Y aún más. Aunque para muchos sea su desgracia, este relato ahonda con lucidez en la España de los trabajos basura, del machismo cruel, del infierno del alcohol como única salida. La mirada exhausta de Gloria vertebra una secuencia serena en el fondo pero vibrante en lo formal, que da lugar a momentos de una intensidad difícil de igualar en sus momentos cumbre. Y hablo de momentos como el robo a la peletería, resuelto con un nervio y un suspense realmente admirables. Nos sentimos identificados con esta mujer solitaria en el abismo, capaz de birlar carteras, disparar a bocajarro con una escopeta, o arrastrarse por el fango del autodesprecio. Victoria Abril le da vida, y esta actriz vuelve a ser una fuerza de la naturaleza, una intérprete superdotada capaz de bordear la exageración y de salir triunfante de ella, plenamente convertida en su personaje, y cuyo rostro, cuerpo y voz expresa toda su convulsión interior. A su lado, Pilar Bardem en uno de los papeles de su vida, una mujer de gran humanidad y fortaleza. Es la relación entre ambas el corazón y el alma de la película.

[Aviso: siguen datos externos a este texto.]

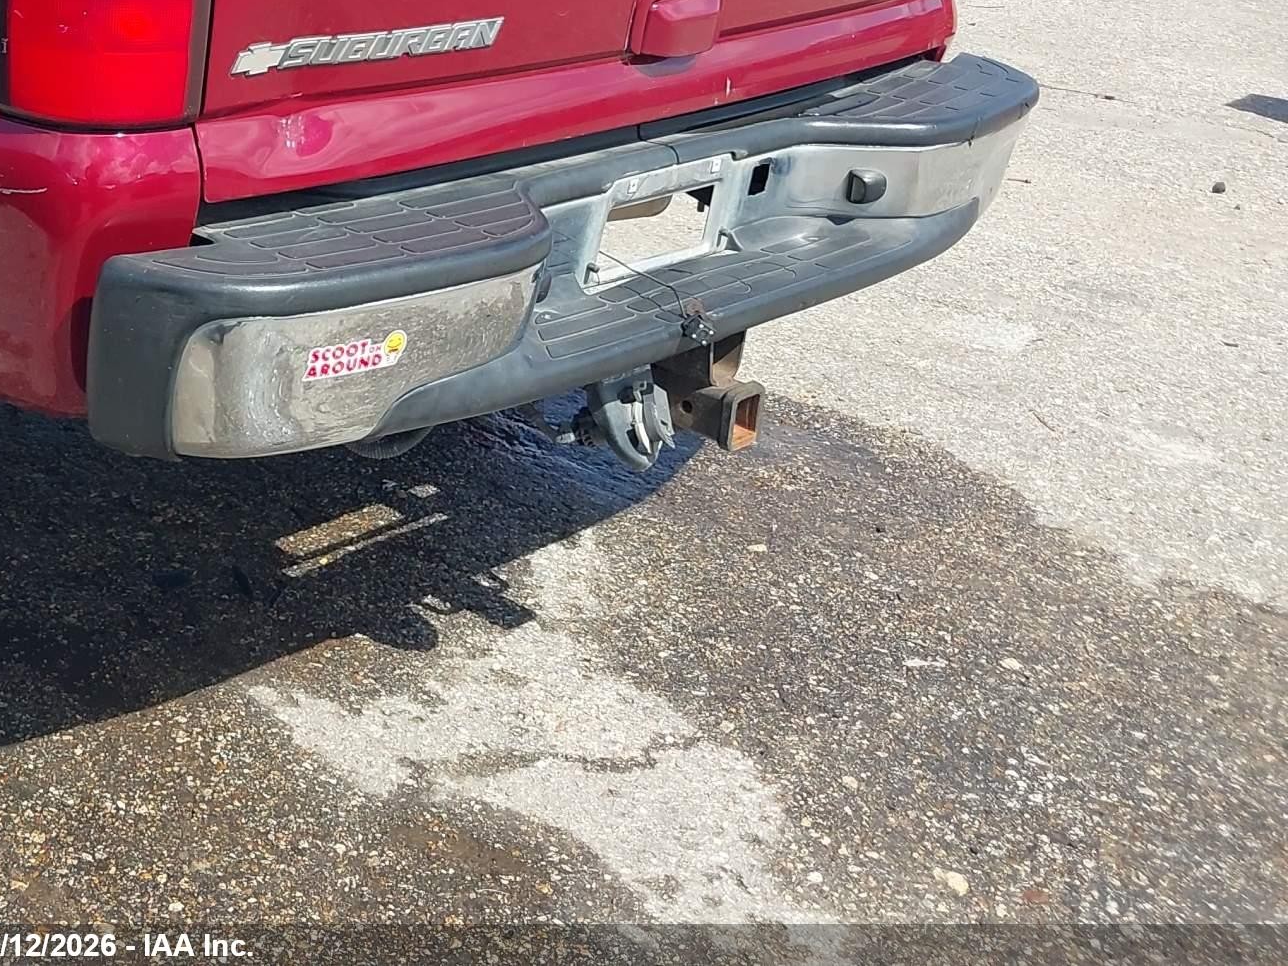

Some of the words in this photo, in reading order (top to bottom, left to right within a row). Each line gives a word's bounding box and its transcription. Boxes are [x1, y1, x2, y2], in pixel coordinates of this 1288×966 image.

[276, 16, 504, 70] SUBURBAN
[311, 341, 368, 363] SCOOT
[307, 354, 382, 378] AROUND

Pero no sería justo dejar de nombrar a un Federico Luppi imperial, que lleva la película por su propio camino, que se integra perfectamente en el drama femenino central, y que se erige en ángel guardián, aunque involuntario, de las vicisitudes de Gloria, de cuya supervivencia, cree él, depende la salvación de su hija moribunda. Díaz Yanes dirige muy bien a estos tres intérpretes, y goza de la inteligencia suficiente para entregarles a ellos la autoría total de las imágenes, limitándose a narrar con eficacia y sencillez. En ocasiones, su falta de experiencia le juega malas pasadas, y su error al calcular sus limitaciones le lleva a secuencias más ambiciosas y menos logradas, pero se advierte el talento genuino de un narrador que cree en lo que cuenta y que ha mamado el cine y sus complejas aristas artísticas. Con este guión de hierro, coescrito junto a Alejandro Pose, al menos se arma de la solidez necesaria para no naufragar en los momentos clave.
Conclusión
Con una música muy acertada de Bernardo Bonezzi, una fotografía seca y áspera de Paco Femenía, y un montaje soberbio de José Salcedo, 'Nadie hablará de nosotras cuando hayamos muerto' goza de una justa fama en nuestro cine. Con sus defectos, se beneficia muchísimo de tres actorazos en estado de gracia, y de una historia muy potente y bien estructurada. No es grandísimo cine. Es ese cine artesanal que debería prodigarse más en esta industria endémica. Aquel año, compartió éxito y premios con 'El día de la bestia', Álex de la Iglesia, y muchos veían un cine español que podía desperezarse por fin. Esperanza vana.